Section 5.05 Obligation to Re-perform Belo Services. In the event of any breach of
this Agreement or any Additional Agreement by Belo or any other Belo Service Provider with respect
to any failure by Belo or a Belo Service Provider, as applicable, to provide any Belo Service in
accordance with the terms of this Agreement or any Additional Agreement, Belo shall, or shall cause
the applicable Belo Service Provider to, correct in all material respects such failure, error or
defect or re-perform in all material respects such Belo Service at the request of Newspaper Holdco
and at the expense of Belo. To be effective, any such request by Newspaper Holdco must (i) specify
in reasonable detail the particular failure, error or defect and (ii) be made no more than 90 days
from the date such error or defect was discovered by Newspaper Holdco or should have been
discovered by Newspaper Holdco after reasonable inquiry.
Section 5.06 Obligation to Re-perform Newspaper Holdco Services. In the event of any
breach of this Agreement or any Additional Agreement by Newspaper Holdco or any other Newspaper
Holdco Service Provider with respect to any failure by Newspaper Holdco or a Newspaper Holdco
Service Provider, as applicable, to provide any Newspaper Holdco Service in accordance with the
terms of this Agreement or any Additional Agreement, Newspaper Holdco shall, or shall cause the
applicable Newspaper Holdco Service Provider to, correct in all material respects such failure,
error or defect or re-perform in all material respects such Newspaper Holdco Service at the request
of Belo and at the expense of Newspaper Holdco.
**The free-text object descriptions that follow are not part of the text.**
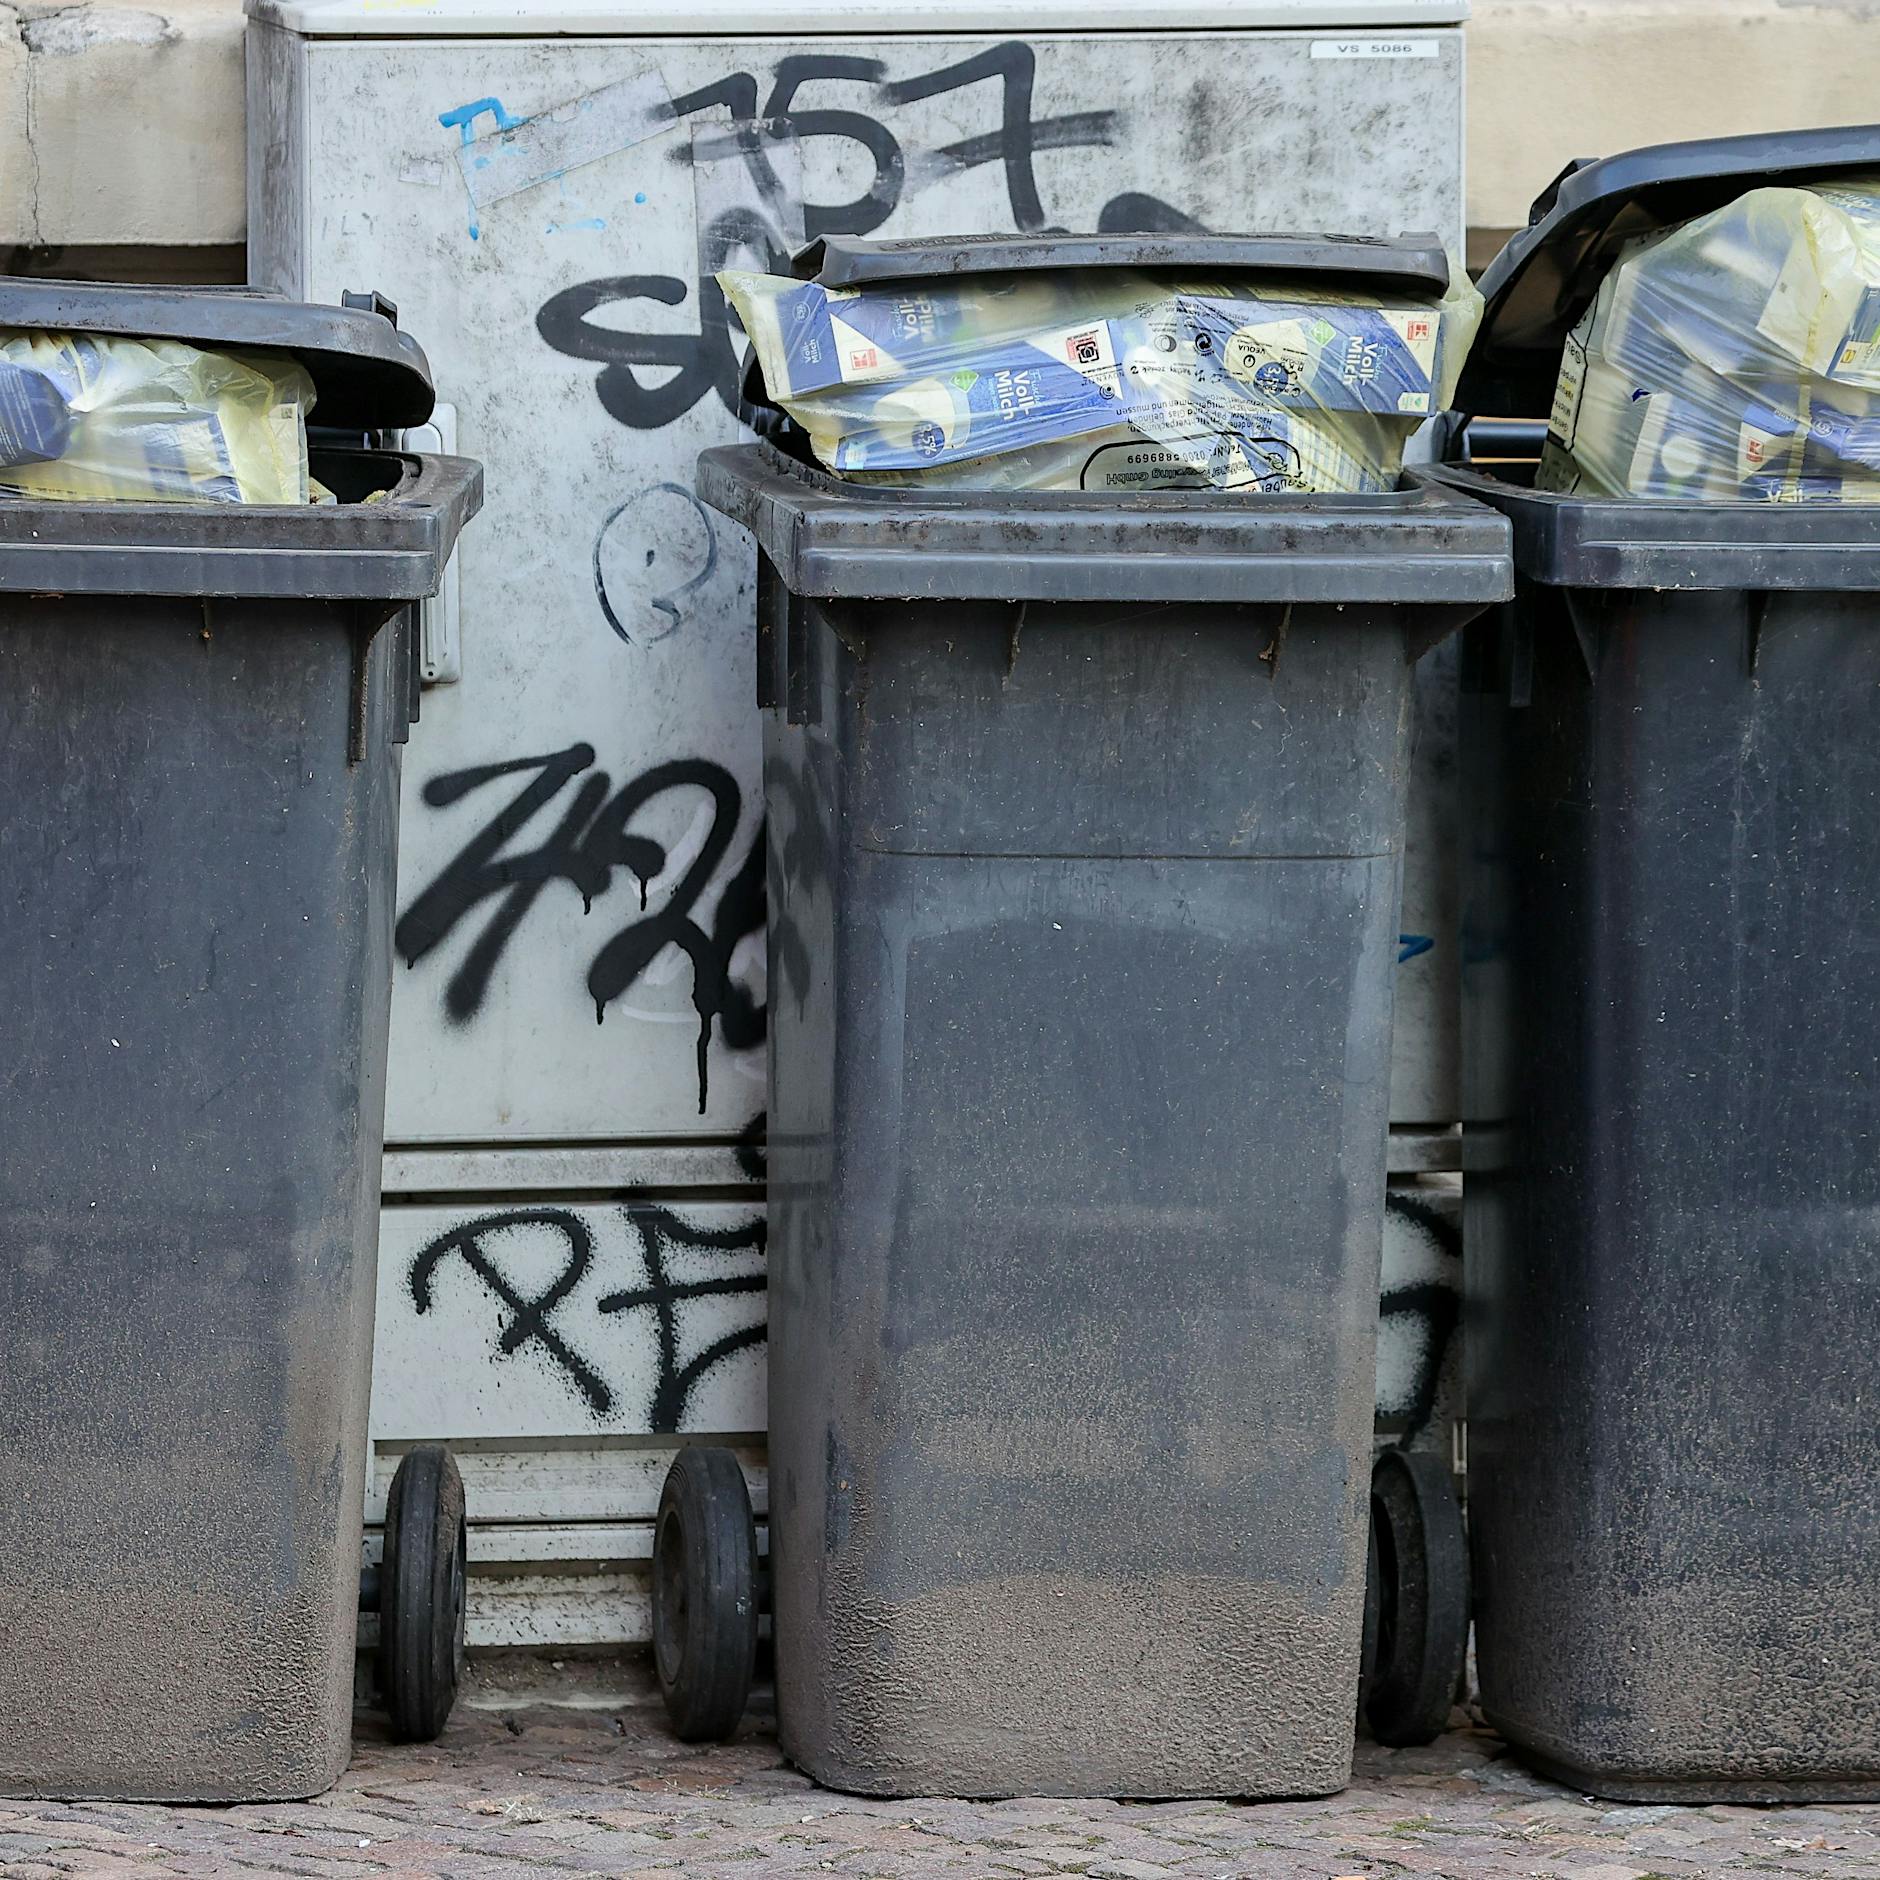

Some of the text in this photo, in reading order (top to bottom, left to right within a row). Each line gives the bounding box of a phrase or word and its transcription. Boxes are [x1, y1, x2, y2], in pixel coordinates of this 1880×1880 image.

[1337, 44, 1413, 53] VS 5086
[811, 338, 821, 366] Milch
[1238, 344, 1266, 355] VEOLIA
[1344, 335, 1364, 385] Milch
[1359, 342, 1379, 386] Voll-
[993, 370, 1014, 421] Milch
[1012, 370, 1031, 418] Voll-
[1151, 402, 1168, 411] und
[1168, 409, 1186, 419] Glas
[1127, 451, 1180, 465] 5889699
[1106, 471, 1150, 485] GmbH
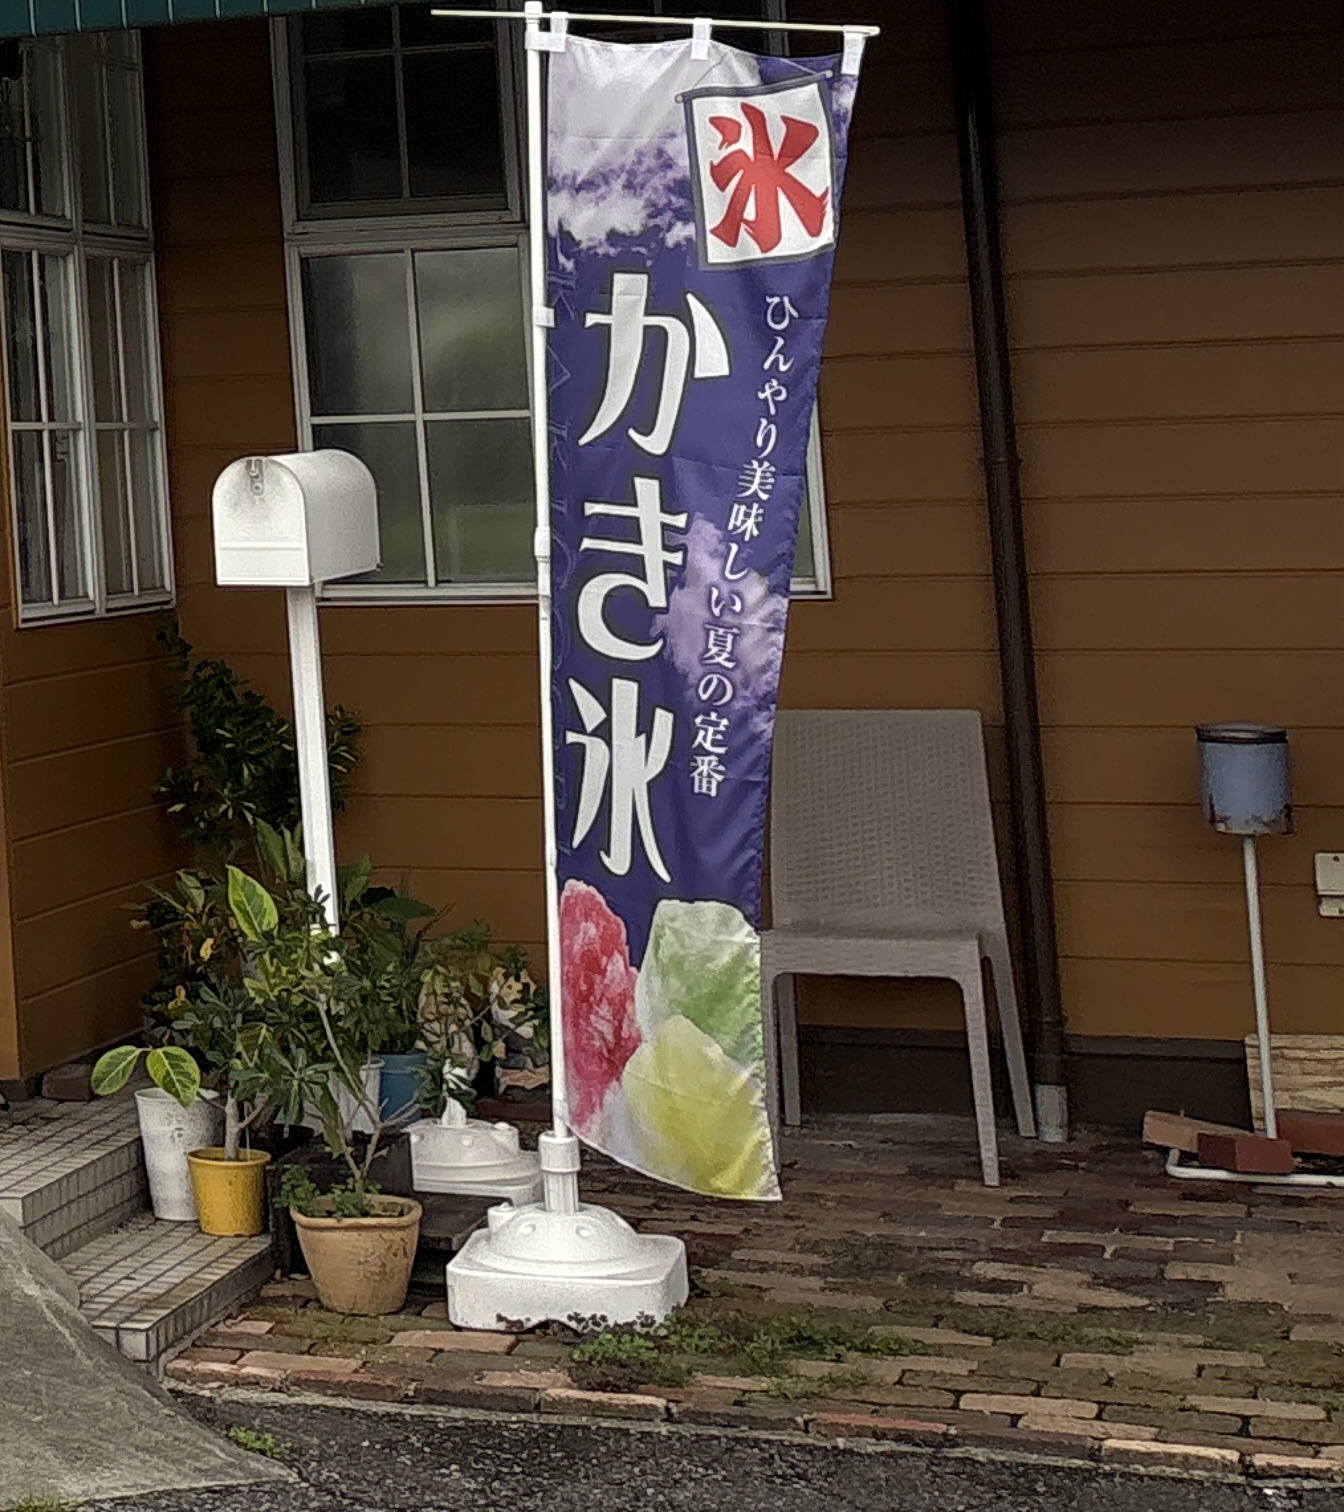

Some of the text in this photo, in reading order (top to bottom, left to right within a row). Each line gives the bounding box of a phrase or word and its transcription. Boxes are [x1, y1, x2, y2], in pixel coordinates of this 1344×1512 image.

[708, 101, 831, 254] 氷
[565, 272, 731, 883] かき氷
[689, 294, 800, 799] ひんやり美味しい夏の定番
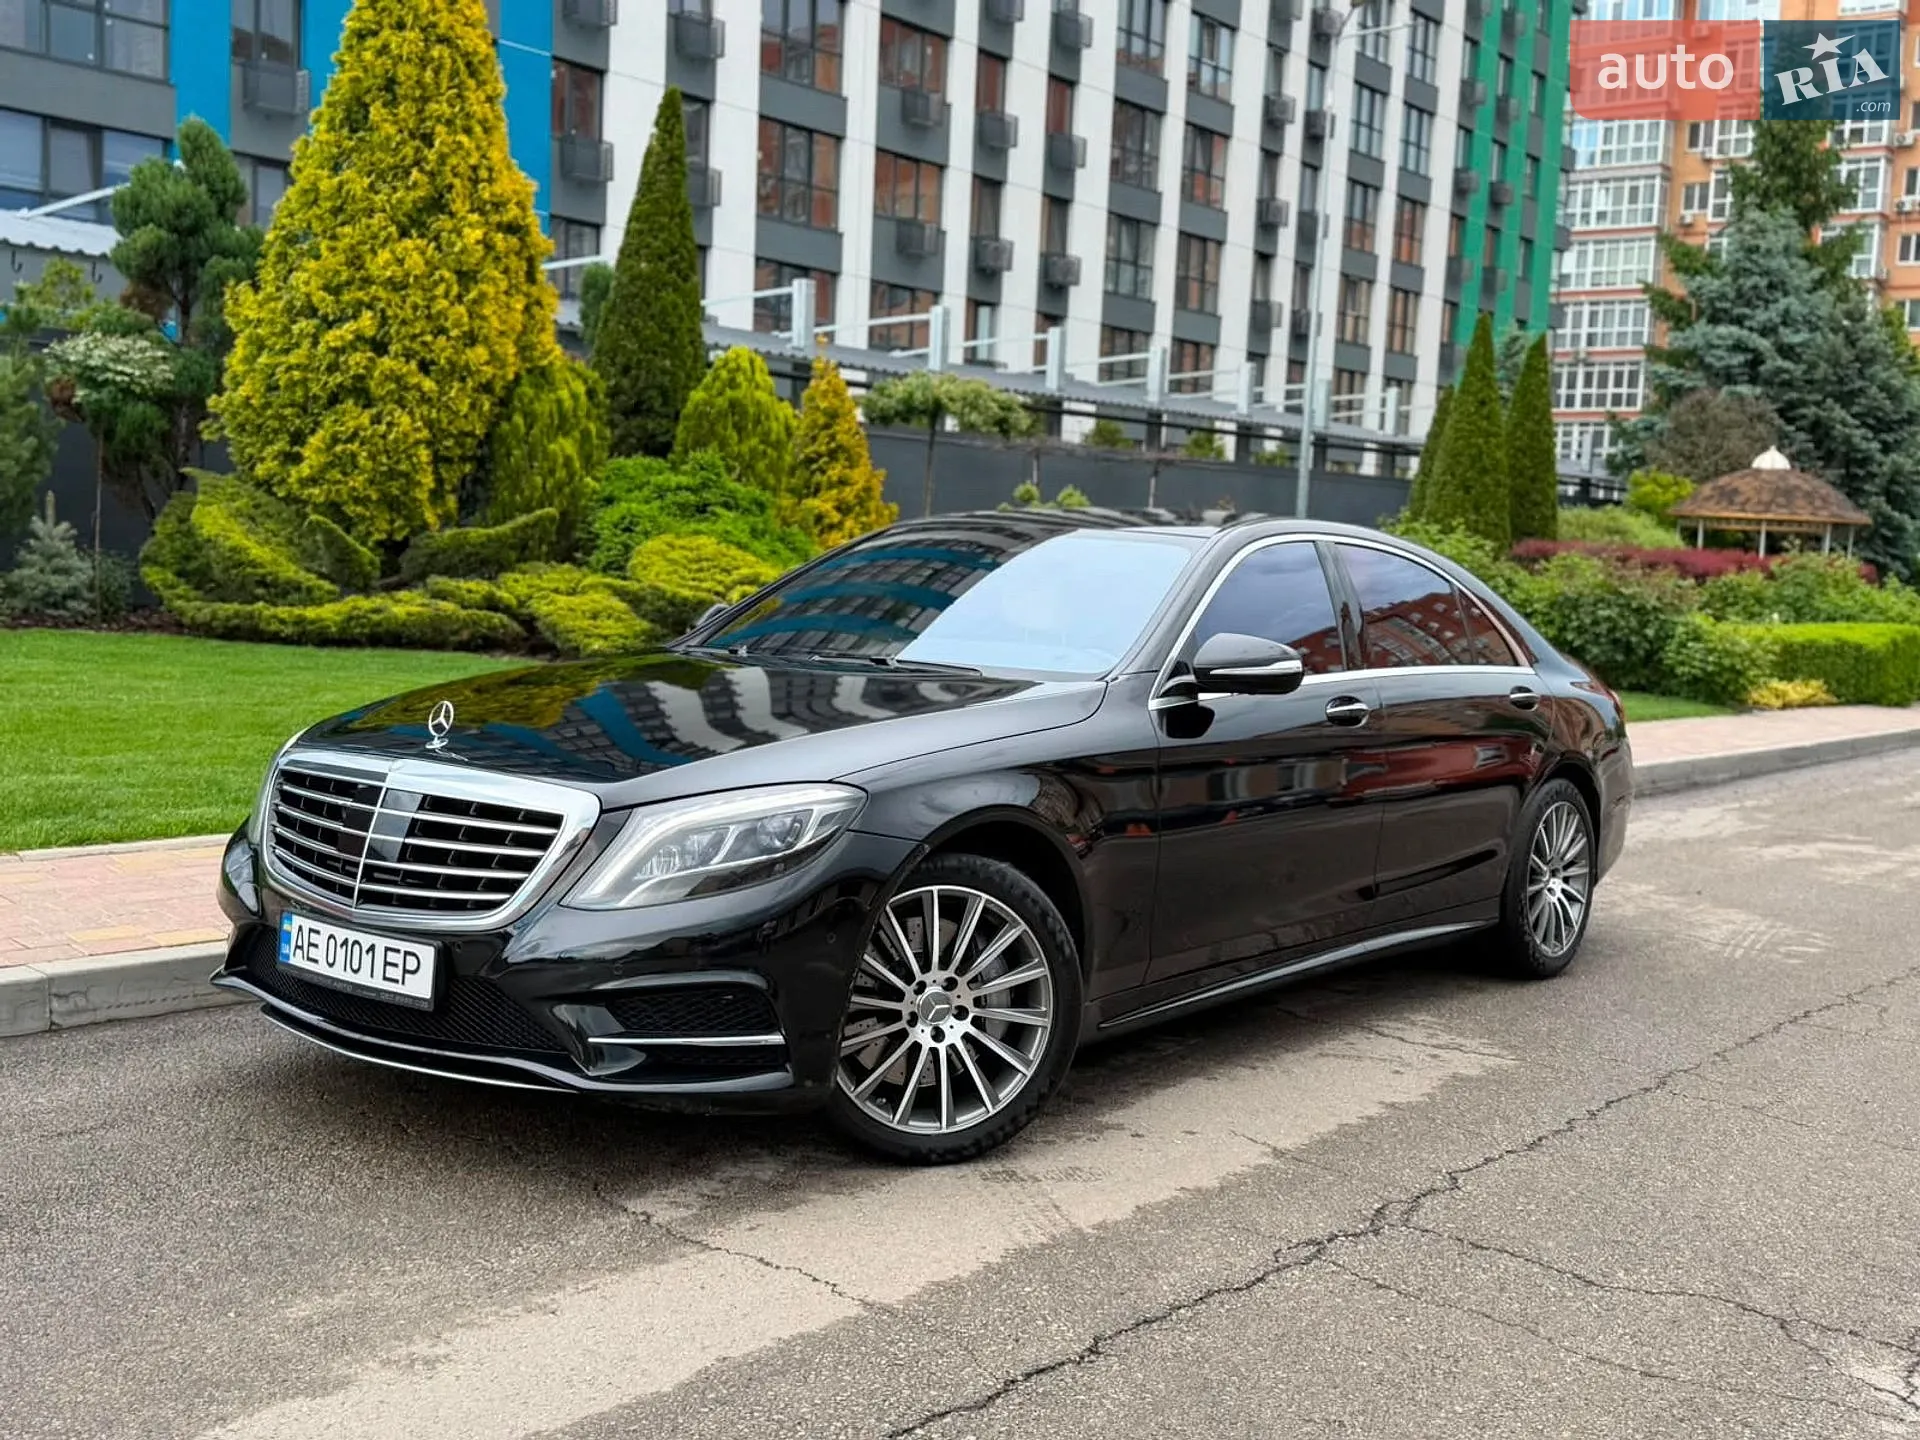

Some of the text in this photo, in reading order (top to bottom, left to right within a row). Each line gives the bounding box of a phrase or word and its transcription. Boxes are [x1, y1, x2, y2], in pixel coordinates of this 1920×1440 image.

[293, 924, 421, 985] AE 0101 EP
To be effective, any such request by Belo must
(i) specify in reasonable detail the particular failure, error or defect and (ii) be made no more
than 90 days from the date such error or defect was discovered by Belo or should have been
discovered by Belo after reasonable inquiry.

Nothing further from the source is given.